[SIGCIS-Members] Criticism of von Neumann historiography

herbert.bruderer at bluewin.ch herbert.bruderer at bluewin.ch
Sat Jul 7 11:39:28 PDT 2018


Hello Richard
My new book on the history of computing which has just been published by De Gruyter Oldenbourg, Berlin/Boston, deals both with analog and digital (mechanical and electronic) mathematical instruments, analog and digital calculating machines and computers (e.g. analog electronic computers from U.S., Germany, Switzerland), including marvellous (fully operational) analog automata (18th century) and the Antikythera mechanism, etc.
See
Meilensteine der Rechentechnik, volume 1
https://www.degruyter.com/view/product/480555
(book description German and in English)
Meilensteine der Rechentechnik, volume 2
https://www.degruyter.com/view/product/503373
(book description in German and in English)
 
Amazon
https://www.amazon.de/s/ref=nb_sb_noss/257-9720637-8344819?__mk_de_DE=%C3%85M%C3%85%C5%BD%C3%95%C3%91&url=search-alias%3Daps&field-keywords=bruderer+meilensteine+rechentechnik 
https://www.amazon.de/Herbert-Bruderer-Rechenmaschinen-Rechenschieber-wissenschaftliche/dp/3110518279/ref=sr_1_2?ie=UTF8&qid=1530682371&sr=8-2&keywords=bruderer+meilensteine+rechentechnik 
https://www.amazon.de/Herbert-Bruderer-Rechentechnik-Elektronenrechner-Entwicklungen/dp/3110600889/ref=sr_1_1/260-6031314-7182903?ie=UTF8&qid=1530682314&sr=8-1&keywords=bruderer+meilensteine+rechentechnik 
Best wishes,
Herbert
----Ursprüngliche Nachricht----
Von : isking at uw.edu
Datum : 07/07/2018 - 00:02 (MS)
An : brian.randell at newcastle.ac.uk
Cc : vahrenkamp2016 at gmx.de, members at sigcis.org, ulmannbernd at gmail.com, ulmann at vaxman.de
Betreff : Re: [SIGCIS-Members] Criticism of von Neumann historiography
I am cc'ing Bernd Ulmann on this thread.  Dr. Ulmann is a prominent historian and collector of analogue computers.  I have had the privilege of seeing Bernd's collection, or at least as it stood a few years ago.  If anyone had a Saturn, it would be Bernd.  -- Ian 
On Fri, Jul 6, 2018 at 12:44 PM, Brian Randell <brian.randell at newcastle.ac.uk> wrote:
Hi Richard:
This thread, and your reference to Saturn V, prompts me to recall that when in 1957 I joined the English Electric Company’s Atomic Power Division, in Whetstone, just outside Leicester, analogue computing was in the ascendant there. There was just
 one digital computer, a DEUCE, but I and my colleagues were confident of the superior prospects for digital over analogue computing - and were soon proved right. We knew a little of the large efforts at Whetstone on analogue computer construction, culminating
 in a huge one called SATURN that filled a large two storey building. This project was I understood still in difficulties when I left English Electric in 1964 to join the IBM T J Watson Research Center. So I am surprised to learn now that the analogue efforts
 at Whetstone were regarded as a big success into the 1970s, at least according to this account, which I’ve just found:
"In 1957 the Consortium, now know as NNC, constructed at Whetstone an analogue computer known as PLUTO having 115 amplifiers. This was followed in 1959 by MARS, having 210 amplifiers. Both machines were phased out in 1959/1960 and replaced by
 Saturn having six consoles each having 252 amplifiers, 600 potentiometer and 76 non-linear devices. Over the years these consoles were trunked together to yield a 1500 amplifier which was subsequently supplemented in 1972 with an EAI 8812 analogue computer.

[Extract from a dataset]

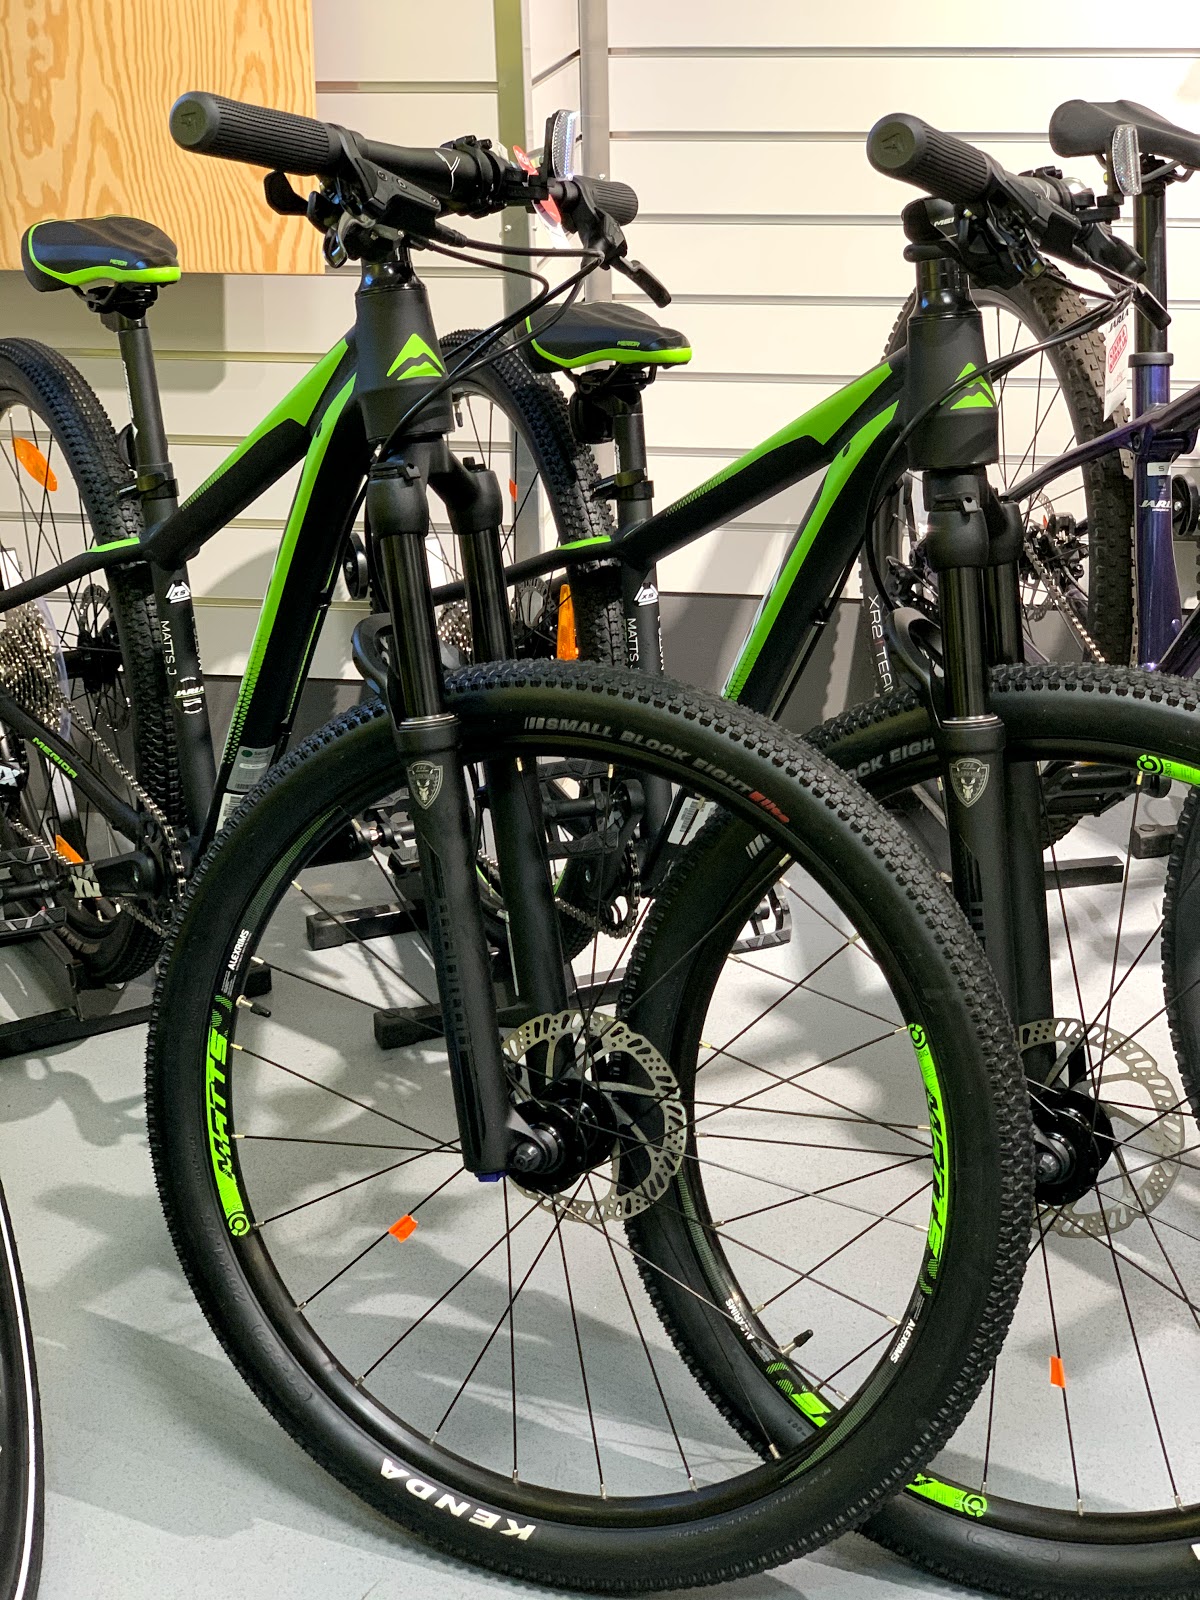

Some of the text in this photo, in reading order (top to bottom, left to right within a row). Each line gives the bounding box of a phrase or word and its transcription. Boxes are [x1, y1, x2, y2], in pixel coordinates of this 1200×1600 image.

 It is believed that the SATURN was the largest analogue computer ever built. Excellent service was given by this machine until 1978 when it was scrapped."

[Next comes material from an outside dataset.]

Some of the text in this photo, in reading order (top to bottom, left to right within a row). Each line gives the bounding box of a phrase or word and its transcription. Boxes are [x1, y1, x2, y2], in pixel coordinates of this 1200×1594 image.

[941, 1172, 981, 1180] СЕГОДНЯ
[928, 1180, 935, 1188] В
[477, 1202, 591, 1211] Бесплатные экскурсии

Advances in Nuclear Science and Technology, Volume 17: Simulators for Nuclear Power (eds. Lewins and Becker) p. 7.
https://books.google.co.uk/books?isbn=1461321832 
I do recall one of the analogue computers being scrapped, and one of my colleagues being almost in tears because he found out too late that it had been carted away, before he had a chance to plunder it his electronics hobbies.
Cheers
Brian Randell
On 6 Jul 2018, at 07:54, Richard Vahrenkamp <vahrenkamp2016 at gmx.de> wrote:
Dear SIGCIS researchers,
In my lecture at the ICOHTEC annual meeting in St. Etienne, I point to the dominance of the subject of the Neumann Computer in the historiography and show on the basis of numerous sources that in the Californian cluster of the aircraft industry,
 in addition to the IAS in Princeton, a second birthplace of the computing machines (mainly with analog computers) was created after 1944, which was previously considered by the research little.
The aircraft cluster found no use for the digital von Neumann machine.

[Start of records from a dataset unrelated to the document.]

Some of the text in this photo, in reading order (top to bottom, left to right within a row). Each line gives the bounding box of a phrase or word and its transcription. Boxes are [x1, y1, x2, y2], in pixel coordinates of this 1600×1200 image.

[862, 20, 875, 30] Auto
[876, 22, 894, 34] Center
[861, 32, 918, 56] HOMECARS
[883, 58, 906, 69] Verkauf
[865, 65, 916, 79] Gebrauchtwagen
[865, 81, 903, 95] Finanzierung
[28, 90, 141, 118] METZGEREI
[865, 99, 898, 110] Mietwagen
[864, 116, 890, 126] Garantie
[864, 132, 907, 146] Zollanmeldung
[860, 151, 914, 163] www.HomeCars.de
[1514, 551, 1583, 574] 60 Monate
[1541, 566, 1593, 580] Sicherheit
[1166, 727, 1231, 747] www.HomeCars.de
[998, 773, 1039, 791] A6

Since von Neumann's machine was merely academic and was not used in industry, John von Neumann had to invent fields of application in the future as the legitimacy of his project. He opted for meteorology - although it is not clear that
 analog computers could not offer solutions here as well.
Until 1960, the race between analog and digital computers in aircraft and missile industry was not decided in favor of the latter; in 1961, NASA commissioned a large general-purpose analog computer for the Saturn V project.
 
My thesis of the aviation industry as the source of computing machines after 1944 can also be applied to other countries with strong aircraft industries, such as England and the Soviet Union. It was also no coincidence that Zuse‘s Z3, the
 first electric digital computer in Germany, was created in 1941 in the context of the Berlin aircraft industry.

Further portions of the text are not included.